Brief: Down to the final character, output the records below as they stand.

Provided entries:
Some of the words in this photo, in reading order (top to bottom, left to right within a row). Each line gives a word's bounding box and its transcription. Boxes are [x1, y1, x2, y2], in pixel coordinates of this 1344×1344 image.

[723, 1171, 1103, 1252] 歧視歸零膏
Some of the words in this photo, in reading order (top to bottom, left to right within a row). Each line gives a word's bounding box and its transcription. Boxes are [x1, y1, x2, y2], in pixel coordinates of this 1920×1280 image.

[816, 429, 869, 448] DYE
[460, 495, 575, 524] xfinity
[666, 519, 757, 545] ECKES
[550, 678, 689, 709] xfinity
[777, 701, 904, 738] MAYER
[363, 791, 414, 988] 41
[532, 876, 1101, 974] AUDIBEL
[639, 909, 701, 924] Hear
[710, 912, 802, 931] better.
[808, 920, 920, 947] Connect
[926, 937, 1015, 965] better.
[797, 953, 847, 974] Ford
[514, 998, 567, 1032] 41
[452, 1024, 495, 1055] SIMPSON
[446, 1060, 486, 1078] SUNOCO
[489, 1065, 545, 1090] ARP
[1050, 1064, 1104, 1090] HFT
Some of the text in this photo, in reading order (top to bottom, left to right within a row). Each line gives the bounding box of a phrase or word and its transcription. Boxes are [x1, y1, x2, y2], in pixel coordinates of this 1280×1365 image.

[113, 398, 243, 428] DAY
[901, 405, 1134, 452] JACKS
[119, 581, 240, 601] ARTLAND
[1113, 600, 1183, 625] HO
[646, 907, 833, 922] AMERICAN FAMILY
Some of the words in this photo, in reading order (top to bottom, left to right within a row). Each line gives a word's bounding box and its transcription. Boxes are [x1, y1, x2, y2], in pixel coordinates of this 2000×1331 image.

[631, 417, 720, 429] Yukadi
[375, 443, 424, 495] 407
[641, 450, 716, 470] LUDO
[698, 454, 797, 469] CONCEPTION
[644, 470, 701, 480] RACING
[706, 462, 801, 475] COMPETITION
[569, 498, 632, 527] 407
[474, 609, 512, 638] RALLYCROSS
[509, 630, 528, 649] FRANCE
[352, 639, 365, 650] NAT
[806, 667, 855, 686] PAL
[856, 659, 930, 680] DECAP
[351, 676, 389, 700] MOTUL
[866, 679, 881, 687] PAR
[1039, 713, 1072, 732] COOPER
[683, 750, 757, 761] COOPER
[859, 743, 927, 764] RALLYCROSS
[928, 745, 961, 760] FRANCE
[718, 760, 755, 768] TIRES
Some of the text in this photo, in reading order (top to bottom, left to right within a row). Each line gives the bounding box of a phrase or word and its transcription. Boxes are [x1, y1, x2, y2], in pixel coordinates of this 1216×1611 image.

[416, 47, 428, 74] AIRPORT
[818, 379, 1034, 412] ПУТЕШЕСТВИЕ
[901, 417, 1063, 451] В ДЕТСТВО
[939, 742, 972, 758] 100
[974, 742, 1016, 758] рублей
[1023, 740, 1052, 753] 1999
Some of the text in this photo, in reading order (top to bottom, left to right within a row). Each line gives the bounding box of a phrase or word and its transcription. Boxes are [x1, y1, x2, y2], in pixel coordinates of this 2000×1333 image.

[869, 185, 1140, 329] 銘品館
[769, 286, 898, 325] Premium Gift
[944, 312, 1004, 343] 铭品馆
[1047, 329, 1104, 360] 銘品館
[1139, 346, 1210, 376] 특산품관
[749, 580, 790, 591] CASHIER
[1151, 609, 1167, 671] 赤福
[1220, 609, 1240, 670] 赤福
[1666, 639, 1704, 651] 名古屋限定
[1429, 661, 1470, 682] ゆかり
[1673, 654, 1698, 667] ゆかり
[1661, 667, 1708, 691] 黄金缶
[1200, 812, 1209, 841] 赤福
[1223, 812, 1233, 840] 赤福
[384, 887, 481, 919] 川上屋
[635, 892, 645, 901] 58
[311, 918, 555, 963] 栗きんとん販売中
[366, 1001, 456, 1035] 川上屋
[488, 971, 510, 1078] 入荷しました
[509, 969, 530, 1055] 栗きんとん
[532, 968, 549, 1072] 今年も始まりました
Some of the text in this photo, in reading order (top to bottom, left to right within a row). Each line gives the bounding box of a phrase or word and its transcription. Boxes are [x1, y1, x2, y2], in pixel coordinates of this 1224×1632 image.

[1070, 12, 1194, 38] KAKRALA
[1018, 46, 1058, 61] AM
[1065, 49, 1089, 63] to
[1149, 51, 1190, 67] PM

Output of the task:
Some of the words in this photo, in reading order (top to bottom, left to right within a row). Each line gives a word's bounding box and its transcription. Boxes are [x1, y1, x2, y2], in pixel coordinates of this 1344×1344 image.

[723, 1171, 1103, 1252] 歧視歸零膏
Some of the words in this photo, in reading order (top to bottom, left to right within a row). Each line gives a word's bounding box and its transcription. Boxes are [x1, y1, x2, y2], in pixel coordinates of this 1920×1280 image.

[816, 429, 869, 448] DYE
[460, 495, 575, 524] xfinity
[666, 519, 757, 545] ECKES
[550, 678, 689, 709] xfinity
[777, 701, 904, 738] MAYER
[363, 791, 414, 988] 41
[532, 876, 1101, 974] AUDIBEL
[639, 909, 701, 924] Hear
[710, 912, 802, 931] better.
[808, 920, 920, 947] Connect
[926, 937, 1015, 965] better.
[797, 953, 847, 974] Ford
[514, 998, 567, 1032] 41
[452, 1024, 495, 1055] SIMPSON
[446, 1060, 486, 1078] SUNOCO
[489, 1065, 545, 1090] ARP
[1050, 1064, 1104, 1090] HFT
Some of the text in this photo, in reading order (top to bottom, left to right within a row). Each line gives the bounding box of a phrase or word and its transcription. Boxes are [x1, y1, x2, y2], in pixel coordinates of this 1280×1365 image.

[113, 398, 243, 428] DAY
[901, 405, 1134, 452] JACKS
[119, 581, 240, 601] ARTLAND
[1113, 600, 1183, 625] HO
[646, 907, 833, 922] AMERICAN FAMILY
Some of the words in this photo, in reading order (top to bottom, left to right within a row). Each line gives a word's bounding box and its transcription. Boxes are [x1, y1, x2, y2], in pixel coordinates of this 2000×1331 image.

[631, 417, 720, 429] Yukadi
[375, 443, 424, 495] 407
[641, 450, 716, 470] LUDO
[698, 454, 797, 469] CONCEPTION
[644, 470, 701, 480] RACING
[706, 462, 801, 475] COMPETITION
[569, 498, 632, 527] 407
[474, 609, 512, 638] RALLYCROSS
[509, 630, 528, 649] FRANCE
[352, 639, 365, 650] NAT
[806, 667, 855, 686] PAL
[856, 659, 930, 680] DECAP
[351, 676, 389, 700] MOTUL
[866, 679, 881, 687] PAR
[1039, 713, 1072, 732] COOPER
[683, 750, 757, 761] COOPER
[859, 743, 927, 764] RALLYCROSS
[928, 745, 961, 760] FRANCE
[718, 760, 755, 768] TIRES
Some of the text in this photo, in reading order (top to bottom, left to right within a row). Each line gives the bounding box of a phrase or word and its transcription. Boxes are [x1, y1, x2, y2], in pixel coordinates of this 1216×1611 image.

[416, 47, 428, 74] AIRPORT
[818, 379, 1034, 412] ПУТЕШЕСТВИЕ
[901, 417, 1063, 451] В ДЕТСТВО
[939, 742, 972, 758] 100
[974, 742, 1016, 758] рублей
[1023, 740, 1052, 753] 1999
Some of the text in this photo, in reading order (top to bottom, left to right within a row). Each line gives the bounding box of a phrase or word and its transcription. Boxes are [x1, y1, x2, y2], in pixel coordinates of this 2000×1333 image.

[869, 185, 1140, 329] 銘品館
[769, 286, 898, 325] Premium Gift
[944, 312, 1004, 343] 铭品馆
[1047, 329, 1104, 360] 銘品館
[1139, 346, 1210, 376] 특산품관
[749, 580, 790, 591] CASHIER
[1151, 609, 1167, 671] 赤福
[1220, 609, 1240, 670] 赤福
[1666, 639, 1704, 651] 名古屋限定
[1429, 661, 1470, 682] ゆかり
[1673, 654, 1698, 667] ゆかり
[1661, 667, 1708, 691] 黄金缶
[1200, 812, 1209, 841] 赤福
[1223, 812, 1233, 840] 赤福
[384, 887, 481, 919] 川上屋
[635, 892, 645, 901] 58
[311, 918, 555, 963] 栗きんとん販売中
[366, 1001, 456, 1035] 川上屋
[488, 971, 510, 1078] 入荷しました
[509, 969, 530, 1055] 栗きんとん
[532, 968, 549, 1072] 今年も始まりました
Some of the text in this photo, in reading order (top to bottom, left to right within a row). Each line gives the bounding box of a phrase or word and its transcription. Boxes are [x1, y1, x2, y2], in pixel coordinates of this 1224×1632 image.

[1070, 12, 1194, 38] KAKRALA
[1018, 46, 1058, 61] AM
[1065, 49, 1089, 63] to
[1149, 51, 1190, 67] PM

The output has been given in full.